Usually the team that plays well enough to win the game, wins.
In fact, that is the case the vast majority of the time.
Only once in a blue moon do you have a game like Superbowl XXV where a team drives down into somewhat safe FG range, lines up for the kick, executes it successfully, but the ball sails wide—and even in that game, that was a 47 yard field goal!
A missed chipshot FG is about the only time I think that you can say a losing team "played well enough to win."
Look at Super Bowl XXXIV— another game frequently pointed to as a game the losing team played well enough to win.
The Titans drove down the field at the end of the game, but the Rams stuffed Wide reciever Kevin Dyson at the 1 yard line on the last play of the game.
"Played well enough to win?" No, they didn't.
The game came down to that last play and the Rams outplayed them on that last play.
If the Titans scored that TD would have made the score 23-22. They would still have to successfully hit the extra point and even at that point they would have only "played well enough to tie."

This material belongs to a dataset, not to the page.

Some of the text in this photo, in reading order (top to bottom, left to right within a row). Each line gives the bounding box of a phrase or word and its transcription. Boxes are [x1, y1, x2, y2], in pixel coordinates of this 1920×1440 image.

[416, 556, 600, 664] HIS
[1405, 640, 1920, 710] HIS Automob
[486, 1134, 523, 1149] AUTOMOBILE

Why am I dwelling on this? Because we fans of losing teams look at our teams from the wrong perspective and we need to stop doing that.
We need to stop having these overly optimistic views of the likely success levels of our teams. We need to stop setting ourselves up for heartbreak.

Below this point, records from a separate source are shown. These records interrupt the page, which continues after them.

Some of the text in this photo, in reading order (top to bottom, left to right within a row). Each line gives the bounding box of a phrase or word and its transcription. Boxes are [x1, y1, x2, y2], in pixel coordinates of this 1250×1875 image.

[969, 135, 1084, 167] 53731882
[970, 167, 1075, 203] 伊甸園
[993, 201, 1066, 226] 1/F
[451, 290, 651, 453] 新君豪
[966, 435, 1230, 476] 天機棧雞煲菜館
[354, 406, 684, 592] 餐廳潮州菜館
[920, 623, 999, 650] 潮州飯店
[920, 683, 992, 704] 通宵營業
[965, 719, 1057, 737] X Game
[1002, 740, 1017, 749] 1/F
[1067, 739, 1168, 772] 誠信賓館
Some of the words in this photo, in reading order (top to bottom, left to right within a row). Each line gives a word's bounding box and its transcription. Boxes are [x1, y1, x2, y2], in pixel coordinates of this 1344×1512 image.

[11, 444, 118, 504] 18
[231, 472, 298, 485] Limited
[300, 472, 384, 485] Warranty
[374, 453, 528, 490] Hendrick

It isn't sound to look at a game and say, "Hey, our team rolled up twice as many yards as our opponents. We will probably beat them next year."
That is wrong line of thought.
Our team didn't play well enough to win. What really happened is they found a way to lose.
Bad teams do that. Bad teams find a lot of ways to lose.
We need to look at these games and say "How did our team find a way to lose that game? In what area were they so wretchedly bad that it cost them the game?"
Could they not block for a field goal? Did the coaching staff mismanage the game, giving up numerous scoring opportunities?
Did the coaching staff mismanage their personnel? Did the team lose a key player to injuries?
Does a leading receiver have butter fingers? Did the coaching staff make good halftime adjustments?
Did the coaching staff have the players ready to play? Did the coaching staff come up with a good game plan? Does the team lack players in key positions?
Once we have the answer to the question: "Why did our team lose?" We need to follow up with, "Is there any indication that something is being done to prevent that situation from happening next year?"
If the answer is no, then we should not give ourselves the false hope that our team will be great.
I wrote this in part for other long suffering fans, to save them from heartache.
But mostly, I wrote this for myself... I want to re-read it before next season.